No hay tecnología en el vacío, toda tecnología (y el celular lo es) está inserta en relaciones de poder que son, por antonomasia, asimétricas. En esta perspectiva, bien vale preguntarnos qué posición ocupamos en las relaciones de poder anudadas dentro y en torno a “nuestro” celular. ¿Es nuestro el smarthphone? O al revés, nuestra condición de sujetos deriva de que estamos sujetos, es decir, sujetados (y sujetadas) por medio del celular. Preguntas para ocupar el tiempo, por si acaso hemos olvidado el teléfono en casa, en el coche, o en la oficina.

El celular es un objeto dotado de sentido que ha sido internalizado y se ha convertido en prótesis de nuestras atribuladas subjetividades, al punto de haber desarrollado relaciones de dependencia hacia este pequeño, y poderoso, objeto. Los miedos de la ciencia ficción a que las máquinas escapen del control humano y establezcan su imperio electrónico, resultan francamente chabacanos, aterciopelados y hasta aburridos frente a las alternativas que brinda cualquier telefonito de gama media. Las posibilidades de expansión narcisista que nos da el celular lo convierten en un imprescindible aliado que ha venido a desplazar a la analista, al chamán, a la bruja, al sacerdote. El diván es una app más y la transferencia (y su contrario) ocurre fácilmente siempre y cuando haya wifi disponible o datos suficientes. Y si hacen falta más, con una recarga de veinte pesos solucionamos el problema: psicoanálisis de bolsillo.

El celular es instrumento de autocontrol a través de aplicaciones para medir los kilómetros recorridos, las calorías perdidas, los tiempos “invertidos”, las pulsaciones por minuto, los “me gusta” cosechados. Es también oficina, lugar de ejecución de tareas y de reuniones en eso llamado el ciberespacio; y es espacio de coordinación de actividades, territorio del rendimiento y la productividad, vamos, es hasta la puerta de salida a la hora del despido vía WhatsApp.
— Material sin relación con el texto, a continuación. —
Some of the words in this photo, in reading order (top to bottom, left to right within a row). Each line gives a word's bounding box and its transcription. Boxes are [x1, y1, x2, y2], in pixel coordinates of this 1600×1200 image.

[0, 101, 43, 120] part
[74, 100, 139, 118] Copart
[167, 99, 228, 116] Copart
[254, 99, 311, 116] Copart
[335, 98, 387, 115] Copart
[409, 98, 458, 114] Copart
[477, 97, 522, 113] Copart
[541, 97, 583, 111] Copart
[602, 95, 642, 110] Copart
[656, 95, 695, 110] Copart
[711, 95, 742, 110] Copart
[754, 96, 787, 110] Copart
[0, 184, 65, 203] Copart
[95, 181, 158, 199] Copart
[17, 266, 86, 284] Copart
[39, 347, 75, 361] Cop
Y el celular es, al mismo tiempo, juguete para despejar la mente o para matar el tiempo (o para matar a ambos), pantalla de cine y aparato de televisión, es radio, rocola y karaoke. Puede ser útil para el guiño del ligue o puede ser puente para el acostón ocasional. Y, desde luego, también puede utilizarse para el acoso y la violencia de todo tipo.

El celular es llave que abre puertas, interruptor que activa luces, Big Brother que controla cámaras, cámara de fotos y video; es crupier, entrenador, asesor financiero, ayudante de cocina sino es que chef, consejero de todo tema y hasta confidente de secundaria.

El smarthphone es también oficina de gestoría ante diversas entidades del gobierno y látigo persecutorio en caso de deudas bancarias o de otra índole. Sirve lo mismo para iniciar una colecta de firmas por alguna noble causa, que para denunciar una de tantas violaciones a los derechos humanos o para extorsionar a las muchas personas incautas que aún no han caído en el garlito. Es instrumento útil para el debate democrático, de la misma forma que lo es para la persecución de la disidencia. Y precisamente en la posibilidad de hacer zapping entre la reunión de trabajo, el juego de solitario, el chat de los amigos de prepa, el feisbuc, el tuiter, y el seguimiento al último capítulo de la serie preferida, en esa posibilidad, insisto, estriba la capacidad seductora del celular y sus puertas abiertas a miles de opciones que extienden nuestras muy limitadas fronteras corporales.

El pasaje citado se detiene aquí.